Unter den ältern Knaben der Zisterzienserschule, in der Pendennis erzogen wurde, waren viele, die sich alle Privilegien von Erwachsenen anmaßten, lange bevor sie die Anstalt verließen. Viele von ihnen rauchten zum Beispiel Zigarren – und einige hatten schon Räusche gehabt. Einer hatte infolge eines Streites im Theater ein Duell mit einem Fähnrich eines durchmarschierenden Regiments gehabt – ein anderer hielt sich tatsächlich einen Wagen und ein Pferd in einem Mietsstalle im Covent Garden, und konnte jeden Sonntag im Hyde Park gesehen werden, wie er mit einem Groom in Livree dahinfuhr. Viele von den älteren Schülern hatten Liebesaffären und zeigten einander im Vertrauen Gedichte, die sie auf junge Damen gemacht, oder Briefe 32 und Haarlocken, die sie von denselben erhalten hatten. – Pen aber, ein bescheidener und schüchterner Jüngling, beneidete diese Helden eher, als daß er es ihnen nachtat. Er war bisher noch nicht über die Theorie hinausgekommen – die Praxis des Lebens lag noch vor ihm. Und, beiläufig erwähnt, ihr zärtlichen Mütter und ihr redlichen Väter christlicher Familien, es ist ein wunderlich Ding um diese Theorie vom Leben, wie man sie mündlich auf den großen öffentlichen Schulen lernt. Oh, wenn ihr diese Knaben von vierzehn Jahren hören könntet, die vor Müttern erröten und in der Gegenwart von deren Töchtern kein Wort hervorzubringen wissen, und sich blöde davonschleichen, – ihr müßtet sie unter sich reden hören, dann würde an den Frauen die Reihe des Errötens sein. Ehe er zwölf Jahr alt war, hatte der kleine Pen genug erzählen gehört, was ihn in gewissen Dingen ganz furchtbar klug machte – und so, Madame, steht es auch mit Ihrem hübschen kleinen rotbäckigen Sohn, der zu den nächsten Ferien aus der Schule nach Hause kommt. Ich sage damit nicht, daß der Knabe verloren ist, oder daß die Unschuld, die ihn vom »Himmel, der unsre Heimat ist«, verliehen wurde, von ihm gewichen sei, wohl aber, daß die Schatten des Gefängnisses sich näher und näher über ihm zusammenziehen, und daß wir soviel als möglich beitragen, ihn zu verderben.

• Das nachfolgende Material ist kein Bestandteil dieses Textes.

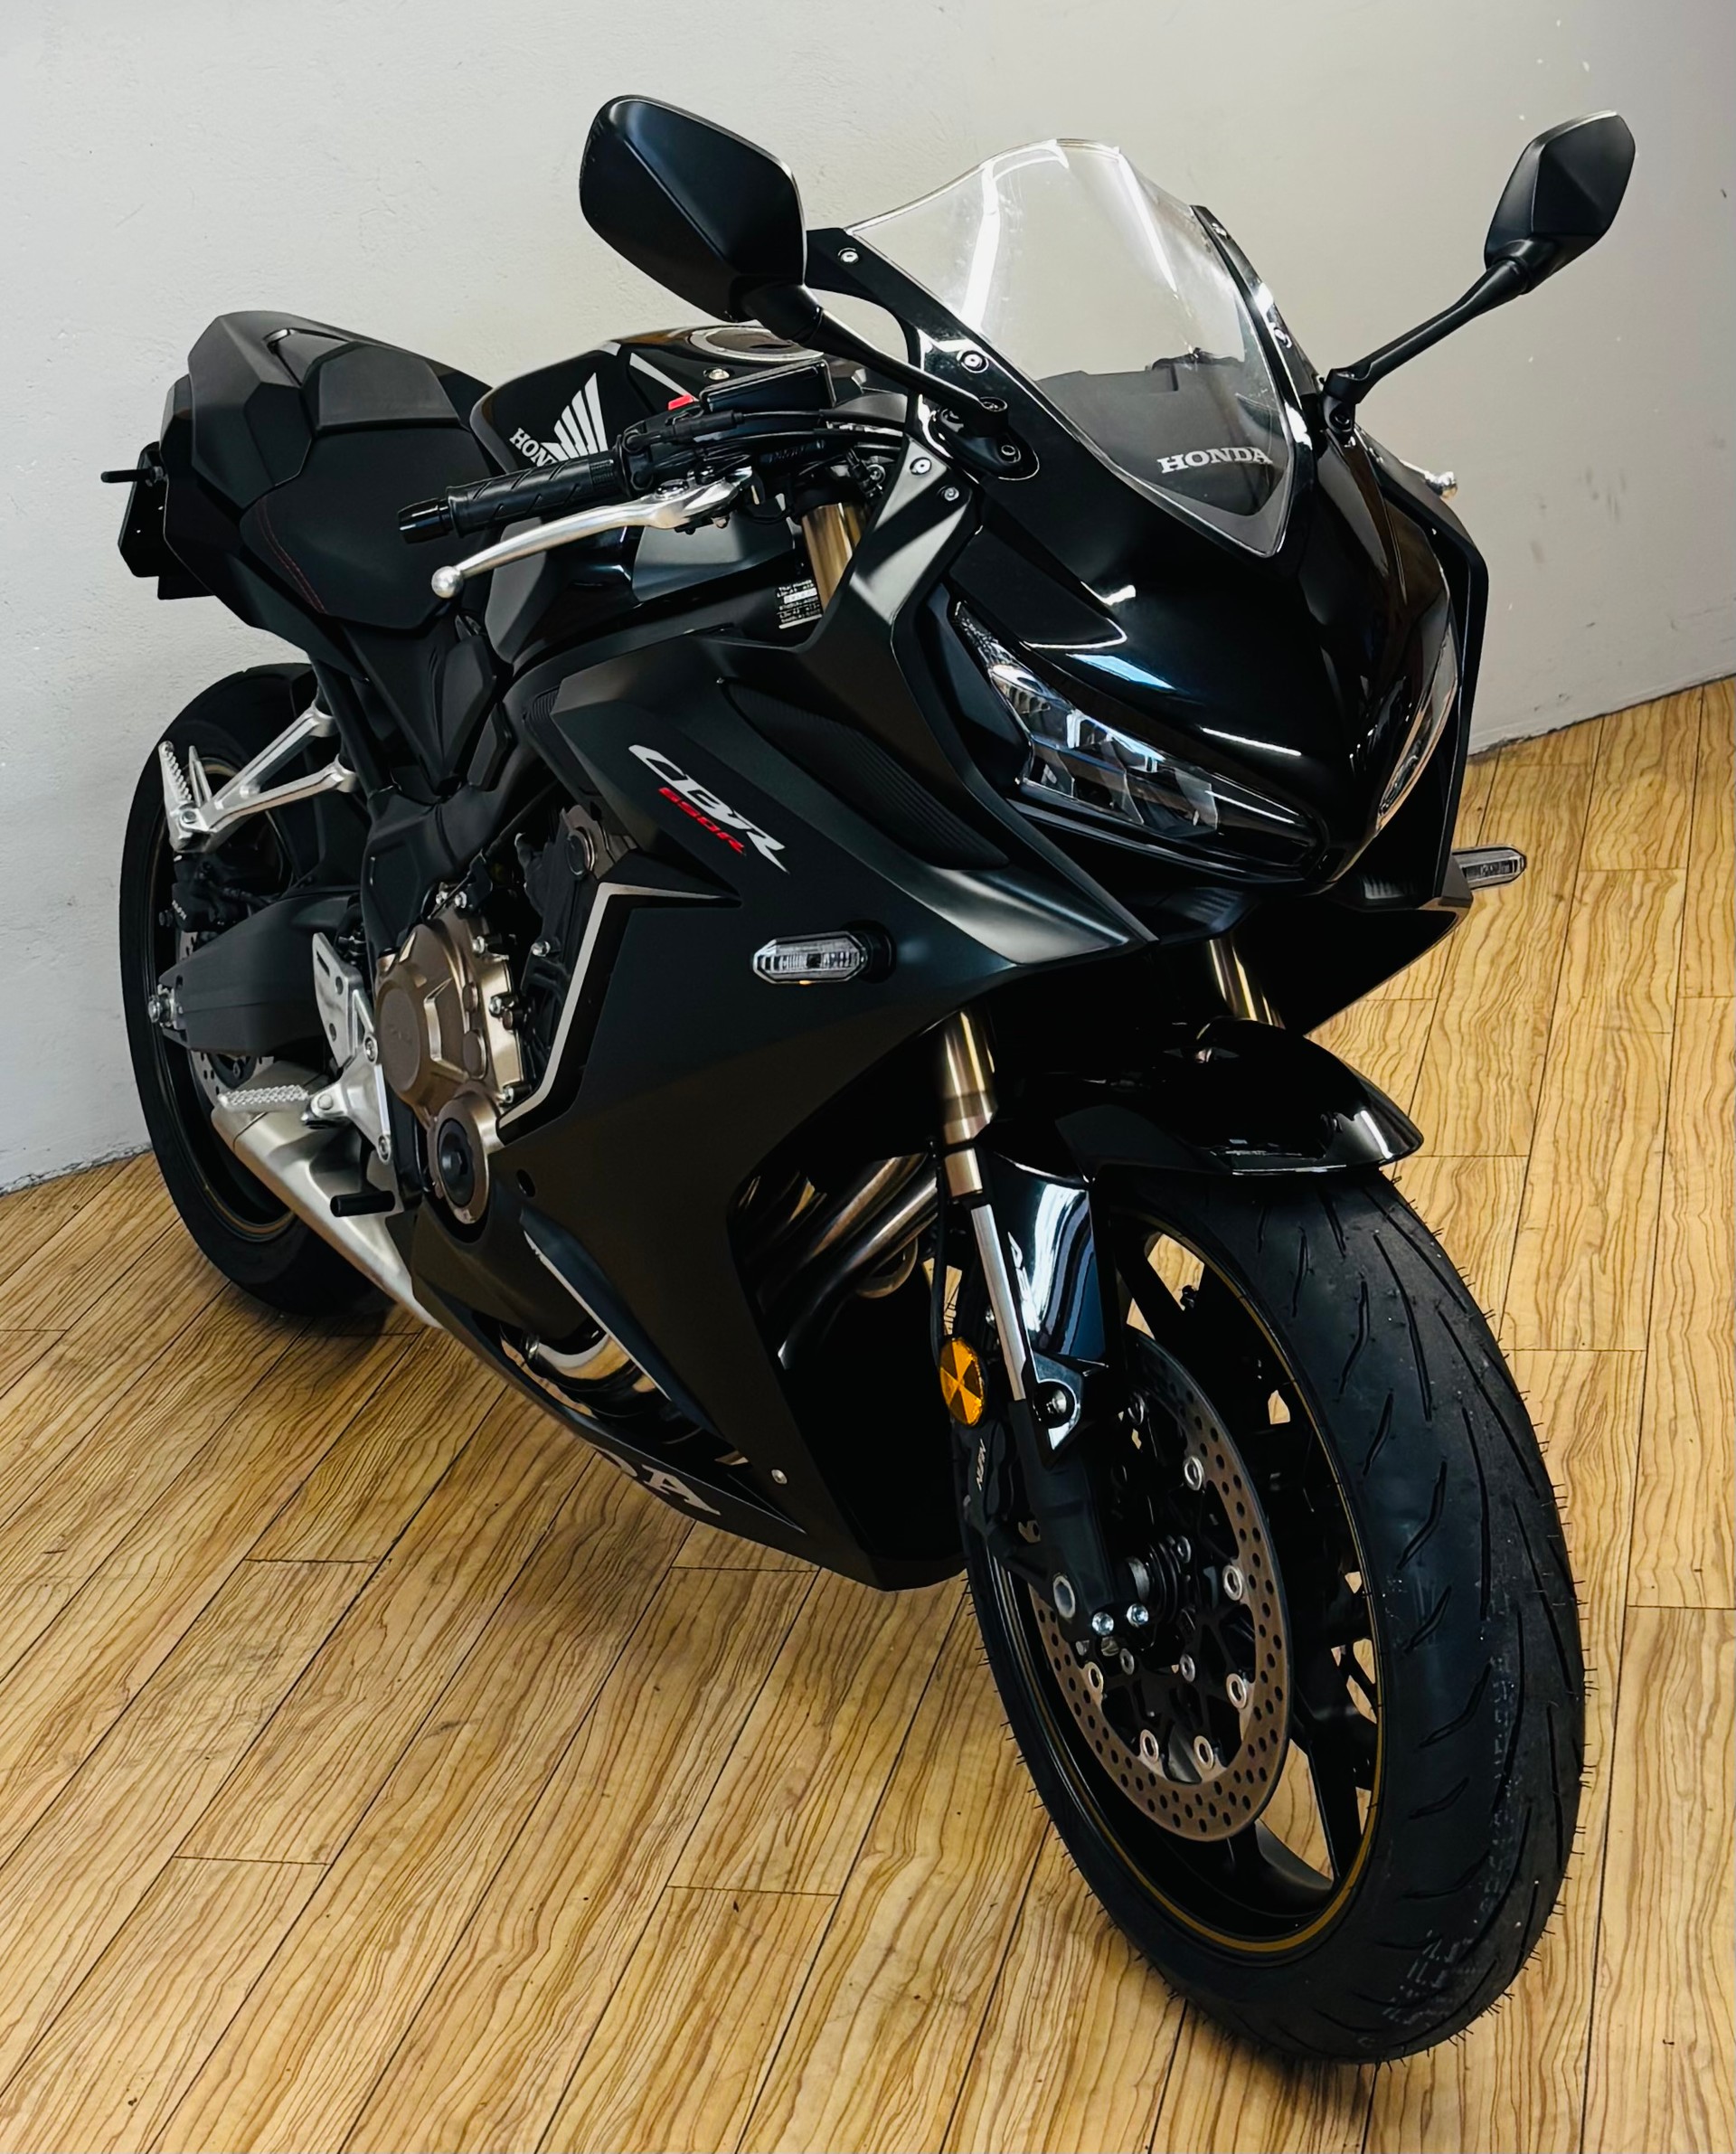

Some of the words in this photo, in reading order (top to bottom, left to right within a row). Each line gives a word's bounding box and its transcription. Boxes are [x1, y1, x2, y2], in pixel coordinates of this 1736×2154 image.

Genug – Pen hatte sich eben zum erstenmal öffentlich in einem Rock mit Schößen, cauda virilis, gezeigt, und sah mit größter Aengstlichkeit in seinen kleinen Spiegel, ob nicht bald der Backenbart herauskäme, wie bei seinen glücklicheren Genossen. Anstatt der feinen Stimme, mit der er zu sprechen und zu singen pflegte 33 (denn seine Singstimme war sehr lieblich und er ließ sich gewöhnlich nicht lange bitten, »Heimat, süße Heimat«, »mein hübscher Page«, oder ein oder das andere französische Lied, das ihn seine Mutter gelehrt hatte, und irgendeine Ballade zum Vergnügen der älteren Mitschüler vorzutragen) hatte sich plötzlich ein tiefer, von Zeit zu Zeit durch ein heiseres Quieken unterbrochener Baß eingestellt, der Lehrer und Schüler zum Lachen brachte – kurz, er war sechzehn Jahre alt, als er plötzlich von seinen akademischen Studien abgerufen wurde.

Es war gegen Ende der Vormittagsschule, und Pen war während des ganzen vergangenen Morgens unaufgerufen geblieben bis jetzt, als der Doktor ihn in einem griechischen Stücke den Satz konstruieren ließ. Er wußte kein Wort davon, obwohl der kleine Timmins, sein Banknachbar, ihm mit aller Macht vorsagte. Pen hatte einen oder zwei Böcke geschossen, als der gewaltige Fürst der Schule auf ihn losdonnerte.

»Pendennis, junger Mensch,« sagte er, »Ihre Faulheit ist unverbesserlich und Ihre Dummheit beispiellos. Sie sind eine Schande für Ihre Schule und Ihre Familie, und ich zweifle nicht daran, daß Sie auch in Ihrem späteren Leben eine Schande für Ihr Vaterland sein werden. Wenn jenes Laster, das uns als die Wurzel alles Uebels beschrieben wird, in der Tat so ist, wie es Moralisten uns dargestellt haben (und ich habe keinen Zweifel an der Richtigkeit ihrer Behauptung), zu was für einer entsetzlichen Menge zukünftiger Verbrechen und Gottlosigkeiten streuen Sie, unglücklicher Knabe, jetzt den Samen aus! Erbärmlicher Fasler! Ein Knabe, der δε und, statt δε aber konstruiert im Alter von 34 sechzehn Jahren, ist nicht nur der Dummheit, Unwissenheit und unbegreiflicher Albernheit schuldig, sondern eines Verbrechens, eines todeswürdigen Verbrechens, nämlich kindlicher Undankbarkeit, an deren Folgen ich nur mit Zittern denke. Ein Knabe, junger Mensch, der sein griechisches Stück nicht durchübt, betrügt seinen Vater, der für seine Erziehung Geld ausgibt. Ein Knabe, der seinen Vater betrügt, ist nicht sehr weit davon entfernt, seinen Nachbar zu berauben oder zu betrügen. Ein Mensch, der seinen Nachbar bestiehlt, büßt für sein Verbrechen am Galgen. Nun fühle ich zwar mit einem solchen kein Mitleid (denn er wird nach Verdienst abgetan), wohl aber mit seinen vor Schmerz halb wahnsinnigen und vernichteten Eltern, die durch seine Schandtaten in ein frühes Grab getrieben werden, oder, wenn sie am Leben bleiben, ein unglückliches und entehrtes Alter dahinschleppen. Jetzt weiter, junger Mensch, und ich warne Sie ernstlich; denn der nächste Fehler, den Sie machen werden, zieht Ihnen die Rutenstrafe zu! – Wer lacht da? Welcher ungezogene Junge wagt es, zu lachen?« donnerte der Doktor.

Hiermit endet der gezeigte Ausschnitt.